■ Task to complete:
Only the images are to be dropped; the records themselves must be repeated exactly.

■ Dataset entries:
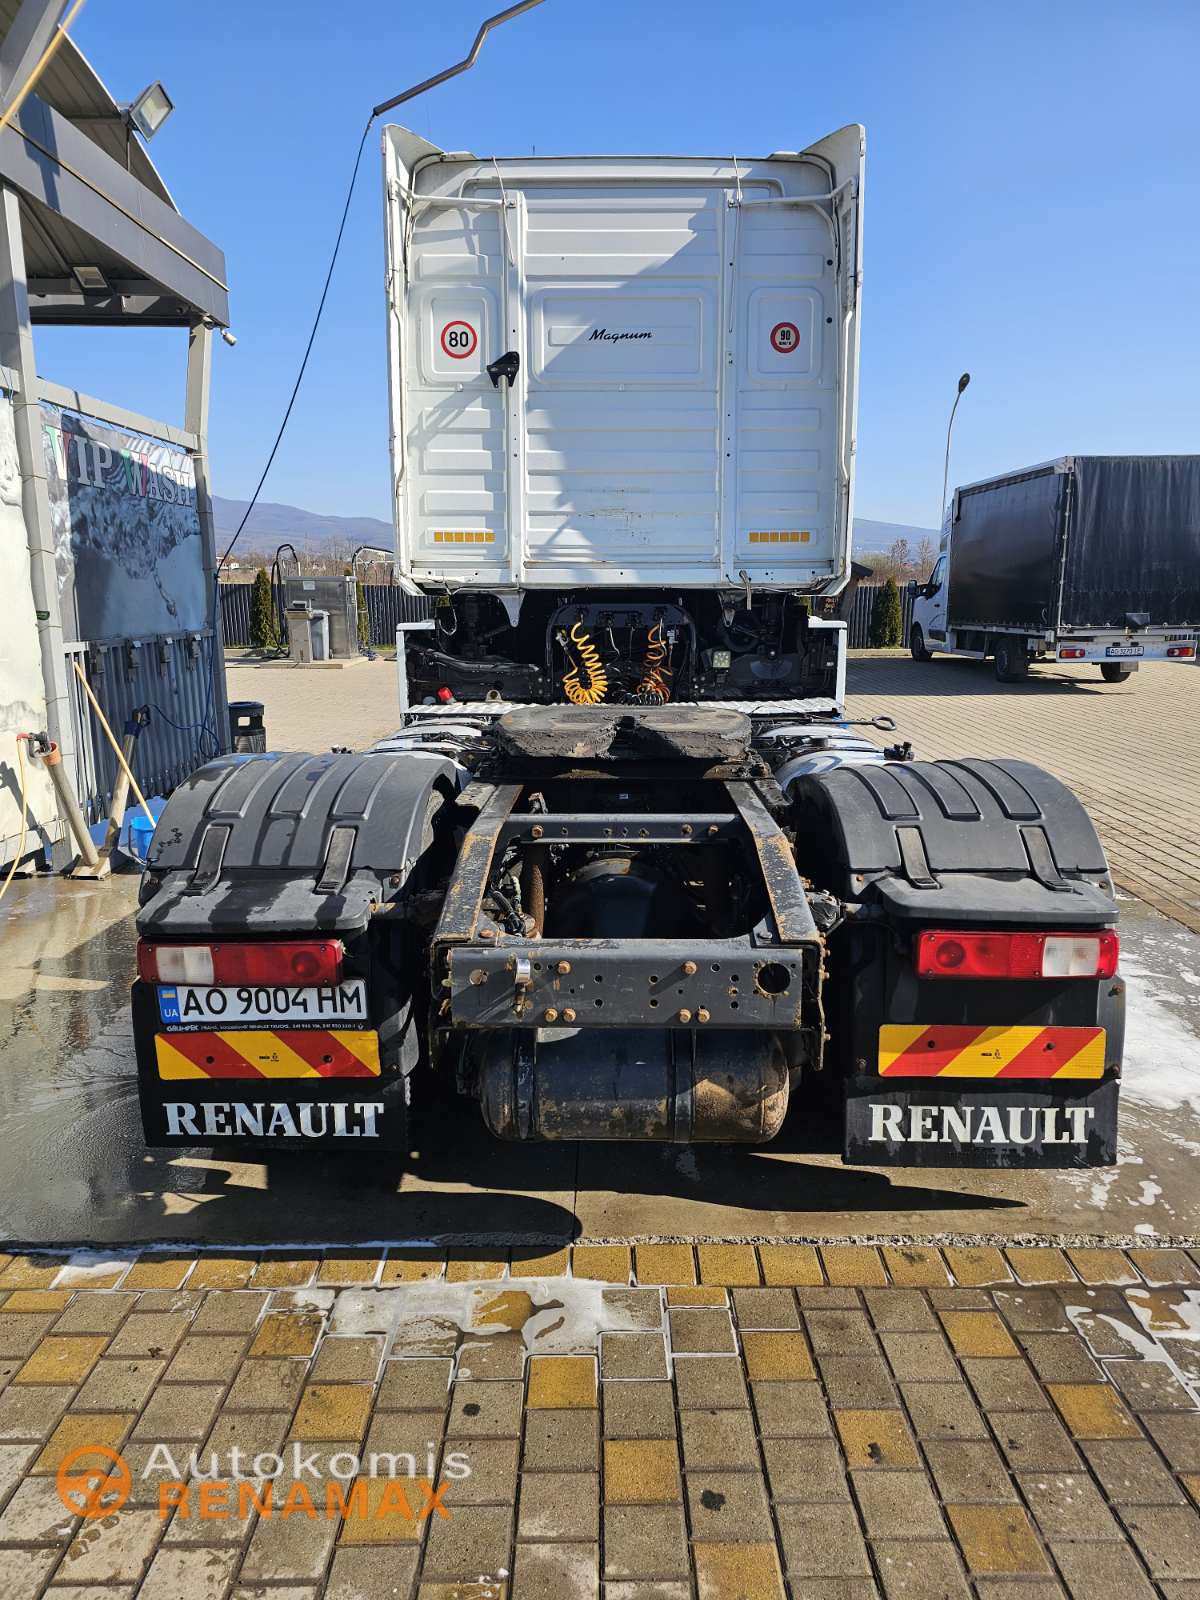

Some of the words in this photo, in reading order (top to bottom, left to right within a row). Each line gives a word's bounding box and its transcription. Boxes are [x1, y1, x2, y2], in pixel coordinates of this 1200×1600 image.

[448, 331, 469, 348] 80
[588, 328, 653, 343] Magnum
[780, 329, 791, 341] 90
[44, 424, 113, 489] VIP
[120, 448, 193, 508] WASH
[164, 1008, 179, 1018] UA
[182, 987, 228, 1017] AO
[236, 987, 309, 1015] 9004
[317, 985, 363, 1014] HM
[161, 1102, 385, 1138] RENAULT
[867, 1103, 1096, 1144] RENAULT

■ Result:
Some of the words in this photo, in reading order (top to bottom, left to right within a row). Each line gives a word's bounding box and its transcription. Boxes are [x1, y1, x2, y2], in pixel coordinates of this 1200×1600 image.

[448, 331, 469, 348] 80
[588, 328, 653, 343] Magnum
[780, 329, 791, 341] 90
[44, 424, 113, 489] VIP
[120, 448, 193, 508] WASH
[164, 1008, 179, 1018] UA
[182, 987, 228, 1017] AO
[236, 987, 309, 1015] 9004
[317, 985, 363, 1014] HM
[161, 1102, 385, 1138] RENAULT
[867, 1103, 1096, 1144] RENAULT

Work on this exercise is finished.